I had seen "Battle Queen 2020" before, you see.
Unfortunately, gulping down the Jack Daniels did not help at all; it might have made me even less hospitable. I use a spiral notebook to jot down remarks, and this time a number of my notes were not safe to be read aloud in mixed company. Hopefully I am being perfectly clear when I say that I hate this movie.
Clare's narration and what I believe is intended to be a fictional BBC broadcast provide all the necessary background about what happened to Earth.
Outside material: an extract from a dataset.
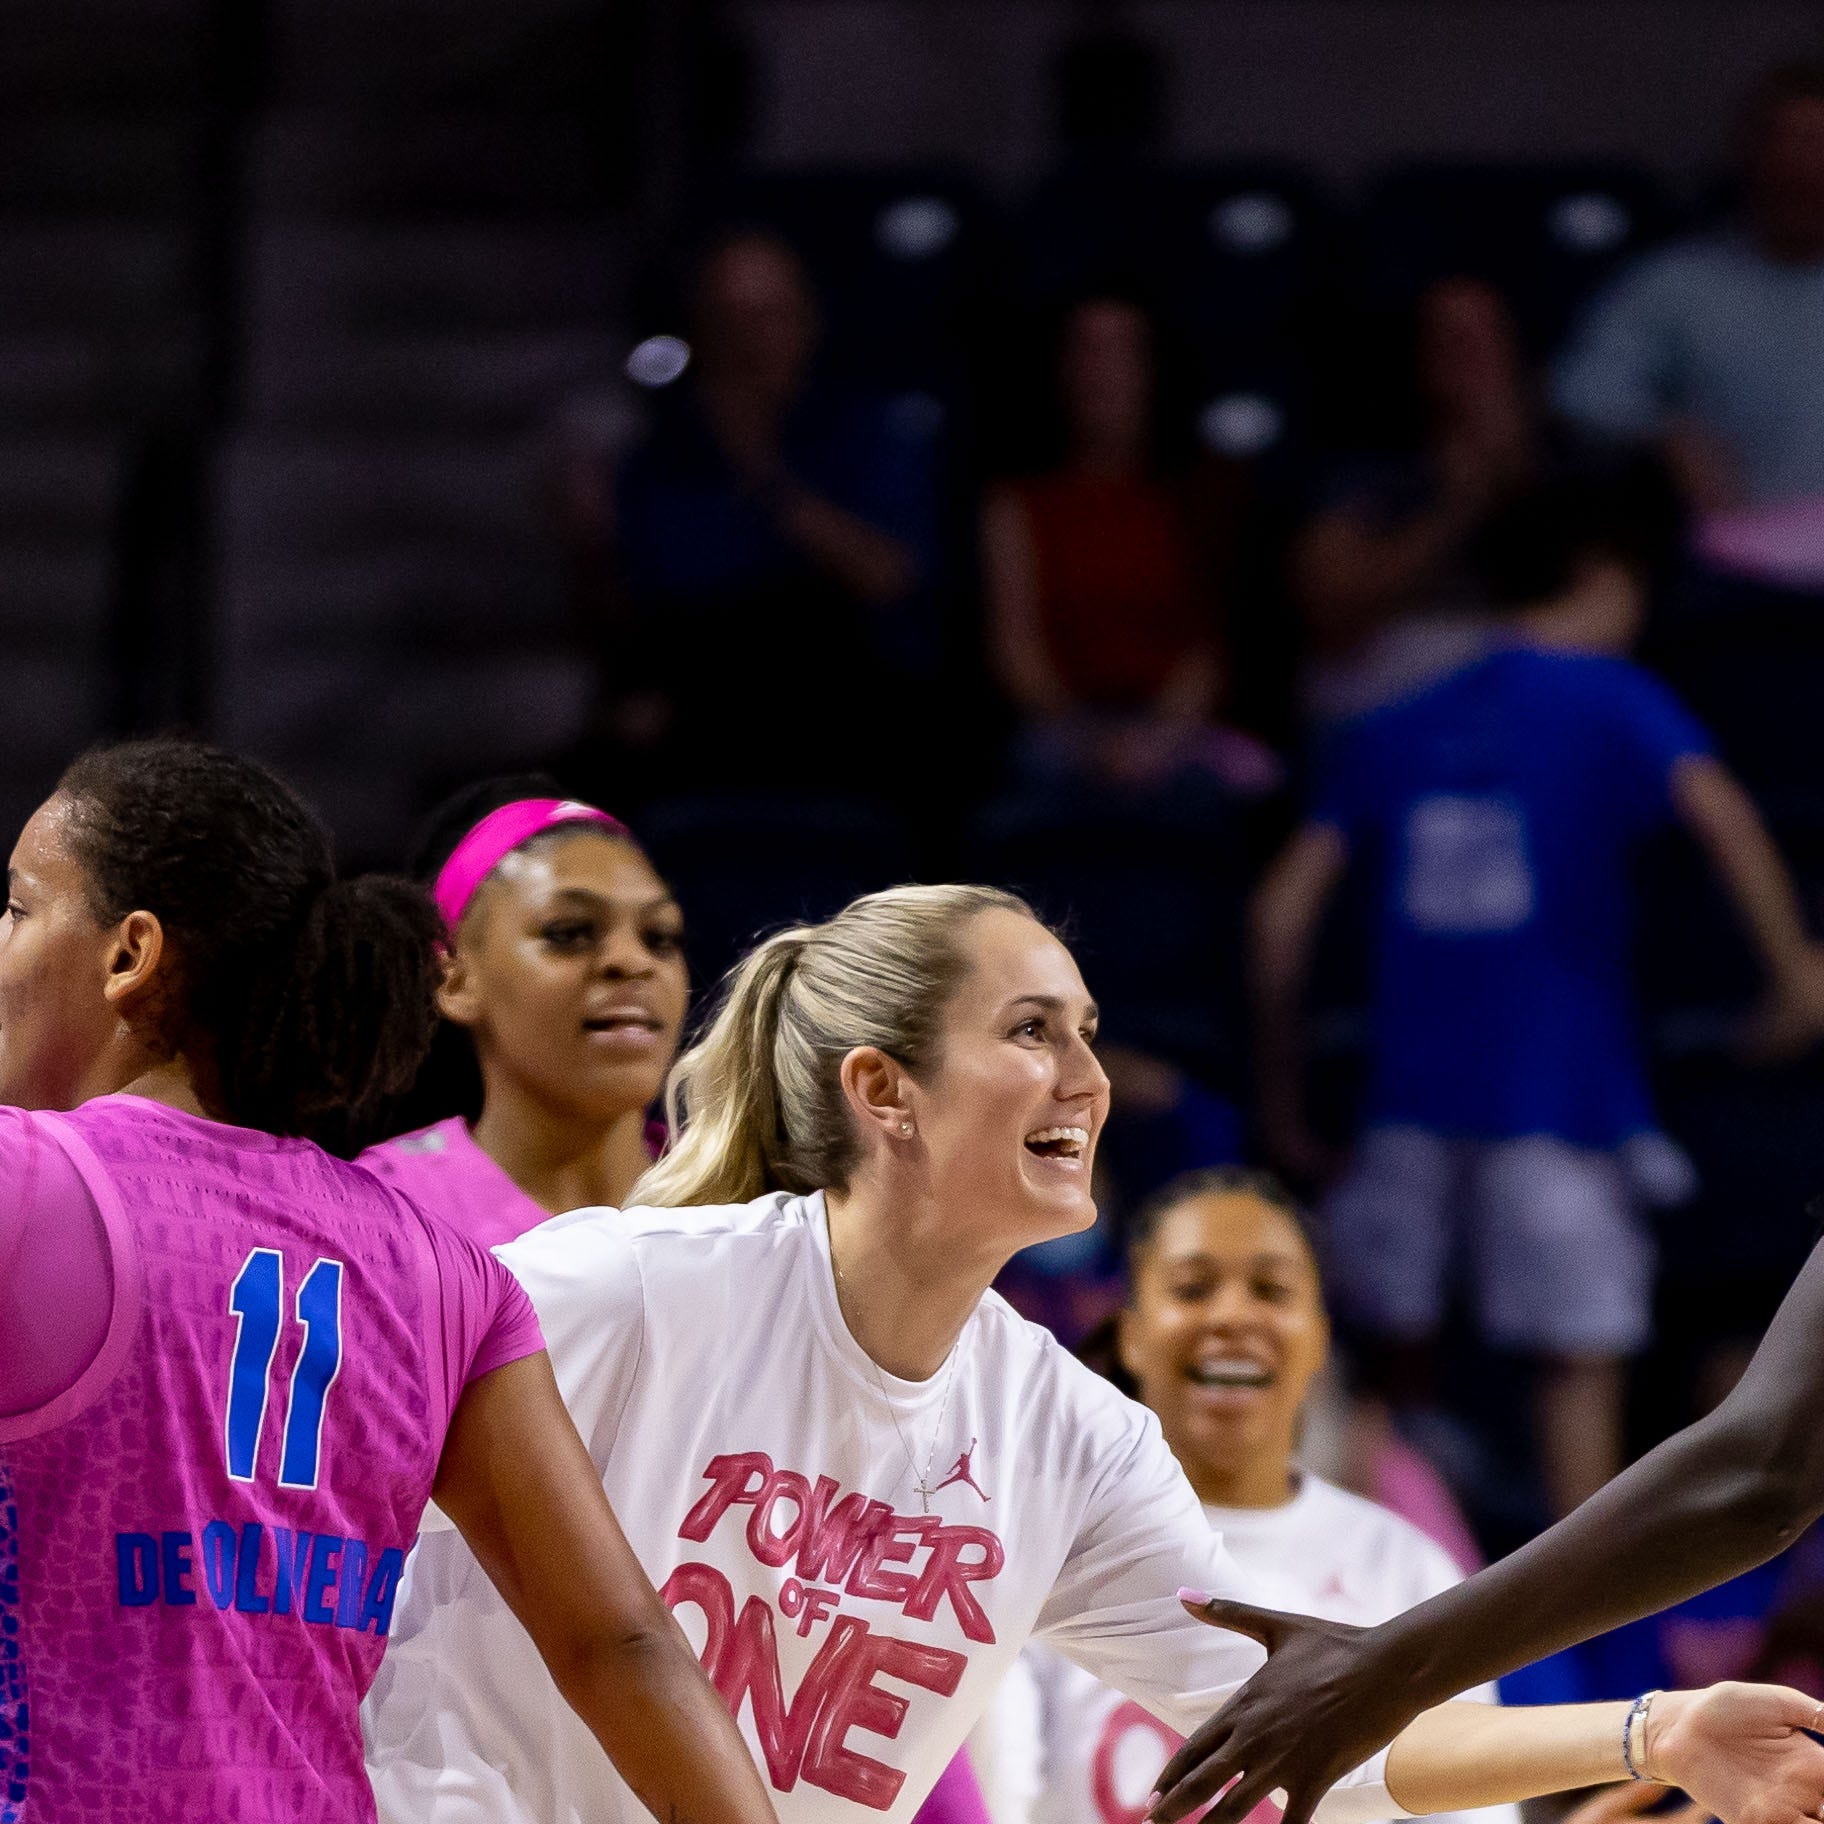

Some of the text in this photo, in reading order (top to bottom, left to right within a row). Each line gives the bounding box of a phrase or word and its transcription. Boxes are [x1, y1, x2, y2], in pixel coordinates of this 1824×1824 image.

A huge asteroid smacked into Florida (finally ending careless real estate speculation) and destroyed civilization, and I mean civilization as a whole, not just Disneyland. The clouds of debris that were thrown into the air caused a new ice age. Most of the people who are left are forced to live in unheated tunnels far below the world of ice and snow. Food is scarce, and medicine unheard of. In the vacuum left by the sudden disappearance of government a class of people known as the Elites have taken power. The Elites have it pretty good. They have plenty to eat and drink, reside in a luxurious mansion above ground, and throw parties every night.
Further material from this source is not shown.